The records that follow must be repeated exactly as they stand.

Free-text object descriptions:
------------------------------------------------

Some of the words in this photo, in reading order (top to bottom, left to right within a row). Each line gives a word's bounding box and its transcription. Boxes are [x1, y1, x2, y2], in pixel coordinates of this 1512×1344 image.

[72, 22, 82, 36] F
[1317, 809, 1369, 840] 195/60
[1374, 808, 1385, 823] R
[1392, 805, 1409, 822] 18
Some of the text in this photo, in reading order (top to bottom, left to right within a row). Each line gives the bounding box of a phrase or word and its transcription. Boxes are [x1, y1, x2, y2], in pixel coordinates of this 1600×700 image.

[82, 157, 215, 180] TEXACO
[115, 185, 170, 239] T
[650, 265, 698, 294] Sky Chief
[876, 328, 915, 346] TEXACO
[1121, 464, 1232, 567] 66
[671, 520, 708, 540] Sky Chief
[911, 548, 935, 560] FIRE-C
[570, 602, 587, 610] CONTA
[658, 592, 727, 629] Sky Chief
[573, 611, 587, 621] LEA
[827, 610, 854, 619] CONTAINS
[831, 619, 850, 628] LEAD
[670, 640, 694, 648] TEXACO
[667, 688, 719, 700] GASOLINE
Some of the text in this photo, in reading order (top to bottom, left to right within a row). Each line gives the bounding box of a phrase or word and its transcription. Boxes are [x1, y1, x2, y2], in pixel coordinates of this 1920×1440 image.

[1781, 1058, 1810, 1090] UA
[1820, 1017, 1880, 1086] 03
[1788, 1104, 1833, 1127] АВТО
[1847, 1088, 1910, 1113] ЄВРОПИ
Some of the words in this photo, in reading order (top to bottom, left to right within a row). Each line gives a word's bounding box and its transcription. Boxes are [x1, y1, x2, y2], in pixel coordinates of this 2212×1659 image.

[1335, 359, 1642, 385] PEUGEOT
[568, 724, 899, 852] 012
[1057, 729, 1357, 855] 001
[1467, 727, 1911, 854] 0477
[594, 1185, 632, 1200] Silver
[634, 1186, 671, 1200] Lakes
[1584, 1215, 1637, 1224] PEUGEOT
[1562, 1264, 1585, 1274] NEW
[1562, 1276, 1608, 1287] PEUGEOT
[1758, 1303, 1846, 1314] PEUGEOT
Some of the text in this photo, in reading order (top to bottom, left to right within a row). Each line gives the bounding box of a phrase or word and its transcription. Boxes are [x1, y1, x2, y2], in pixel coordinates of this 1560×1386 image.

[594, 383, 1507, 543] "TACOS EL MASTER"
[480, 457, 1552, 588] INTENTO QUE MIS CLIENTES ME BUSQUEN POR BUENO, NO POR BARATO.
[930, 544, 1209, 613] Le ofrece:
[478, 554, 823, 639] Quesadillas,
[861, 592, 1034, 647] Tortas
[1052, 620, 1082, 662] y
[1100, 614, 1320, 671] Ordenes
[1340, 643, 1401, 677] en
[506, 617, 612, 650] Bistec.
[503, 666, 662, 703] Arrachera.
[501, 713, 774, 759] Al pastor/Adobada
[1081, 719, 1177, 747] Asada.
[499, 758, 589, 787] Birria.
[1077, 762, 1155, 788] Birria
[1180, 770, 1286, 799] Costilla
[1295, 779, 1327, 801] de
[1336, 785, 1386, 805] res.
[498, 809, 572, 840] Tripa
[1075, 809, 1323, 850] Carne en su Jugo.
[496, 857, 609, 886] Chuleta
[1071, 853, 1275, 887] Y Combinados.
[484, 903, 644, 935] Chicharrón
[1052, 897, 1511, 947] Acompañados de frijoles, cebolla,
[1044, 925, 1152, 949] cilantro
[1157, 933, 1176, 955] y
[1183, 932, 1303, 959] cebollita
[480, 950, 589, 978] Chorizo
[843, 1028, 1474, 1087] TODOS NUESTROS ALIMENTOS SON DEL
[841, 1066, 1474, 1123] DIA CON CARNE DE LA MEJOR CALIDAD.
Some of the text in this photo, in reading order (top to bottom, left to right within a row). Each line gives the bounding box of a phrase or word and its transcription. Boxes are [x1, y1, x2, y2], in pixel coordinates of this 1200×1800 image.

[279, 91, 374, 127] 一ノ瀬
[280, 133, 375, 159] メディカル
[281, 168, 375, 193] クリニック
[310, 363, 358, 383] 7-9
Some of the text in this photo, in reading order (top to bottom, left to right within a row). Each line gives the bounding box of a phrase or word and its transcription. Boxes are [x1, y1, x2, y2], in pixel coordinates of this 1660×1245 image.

------------------------------------------------

| Response |
Some of the words in this photo, in reading order (top to bottom, left to right within a row). Each line gives a word's bounding box and its transcription. Boxes are [x1, y1, x2, y2], in pixel coordinates of this 1512×1344 image.

[72, 22, 82, 36] F
[1317, 809, 1369, 840] 195/60
[1374, 808, 1385, 823] R
[1392, 805, 1409, 822] 18
Some of the text in this photo, in reading order (top to bottom, left to right within a row). Each line gives the bounding box of a phrase or word and its transcription. Boxes are [x1, y1, x2, y2], in pixel coordinates of this 1600×700 image.

[82, 157, 215, 180] TEXACO
[115, 185, 170, 239] T
[650, 265, 698, 294] Sky Chief
[876, 328, 915, 346] TEXACO
[1121, 464, 1232, 567] 66
[671, 520, 708, 540] Sky Chief
[911, 548, 935, 560] FIRE-C
[570, 602, 587, 610] CONTA
[658, 592, 727, 629] Sky Chief
[573, 611, 587, 621] LEA
[827, 610, 854, 619] CONTAINS
[831, 619, 850, 628] LEAD
[670, 640, 694, 648] TEXACO
[667, 688, 719, 700] GASOLINE
Some of the text in this photo, in reading order (top to bottom, left to right within a row). Each line gives the bounding box of a phrase or word and its transcription. Boxes are [x1, y1, x2, y2], in pixel coordinates of this 1920×1440 image.

[1781, 1058, 1810, 1090] UA
[1820, 1017, 1880, 1086] 03
[1788, 1104, 1833, 1127] АВТО
[1847, 1088, 1910, 1113] ЄВРОПИ
Some of the words in this photo, in reading order (top to bottom, left to right within a row). Each line gives a word's bounding box and its transcription. Boxes are [x1, y1, x2, y2], in pixel coordinates of this 2212×1659 image.

[1335, 359, 1642, 385] PEUGEOT
[568, 724, 899, 852] 012
[1057, 729, 1357, 855] 001
[1467, 727, 1911, 854] 0477
[594, 1185, 632, 1200] Silver
[634, 1186, 671, 1200] Lakes
[1584, 1215, 1637, 1224] PEUGEOT
[1562, 1264, 1585, 1274] NEW
[1562, 1276, 1608, 1287] PEUGEOT
[1758, 1303, 1846, 1314] PEUGEOT
Some of the text in this photo, in reading order (top to bottom, left to right within a row). Each line gives the bounding box of a phrase or word and its transcription. Boxes are [x1, y1, x2, y2], in pixel coordinates of this 1560×1386 image.

[594, 383, 1507, 543] "TACOS EL MASTER"
[480, 457, 1552, 588] INTENTO QUE MIS CLIENTES ME BUSQUEN POR BUENO, NO POR BARATO.
[930, 544, 1209, 613] Le ofrece:
[478, 554, 823, 639] Quesadillas,
[861, 592, 1034, 647] Tortas
[1052, 620, 1082, 662] y
[1100, 614, 1320, 671] Ordenes
[1340, 643, 1401, 677] en
[506, 617, 612, 650] Bistec.
[503, 666, 662, 703] Arrachera.
[501, 713, 774, 759] Al pastor/Adobada
[1081, 719, 1177, 747] Asada.
[499, 758, 589, 787] Birria.
[1077, 762, 1155, 788] Birria
[1180, 770, 1286, 799] Costilla
[1295, 779, 1327, 801] de
[1336, 785, 1386, 805] res.
[498, 809, 572, 840] Tripa
[1075, 809, 1323, 850] Carne en su Jugo.
[496, 857, 609, 886] Chuleta
[1071, 853, 1275, 887] Y Combinados.
[484, 903, 644, 935] Chicharrón
[1052, 897, 1511, 947] Acompañados de frijoles, cebolla,
[1044, 925, 1152, 949] cilantro
[1157, 933, 1176, 955] y
[1183, 932, 1303, 959] cebollita
[480, 950, 589, 978] Chorizo
[843, 1028, 1474, 1087] TODOS NUESTROS ALIMENTOS SON DEL
[841, 1066, 1474, 1123] DIA CON CARNE DE LA MEJOR CALIDAD.
Some of the text in this photo, in reading order (top to bottom, left to right within a row). Each line gives the bounding box of a phrase or word and its transcription. Boxes are [x1, y1, x2, y2], in pixel coordinates of this 1200×1800 image.

[279, 91, 374, 127] 一ノ瀬
[280, 133, 375, 159] メディカル
[281, 168, 375, 193] クリニック
[310, 363, 358, 383] 7-9
Some of the text in this photo, in reading order (top to bottom, left to right within a row). Each line gives the bounding box of a phrase or word and its transcription. Boxes are [x1, y1, x2, y2], in pixel coordinates of this 1660×1245 image.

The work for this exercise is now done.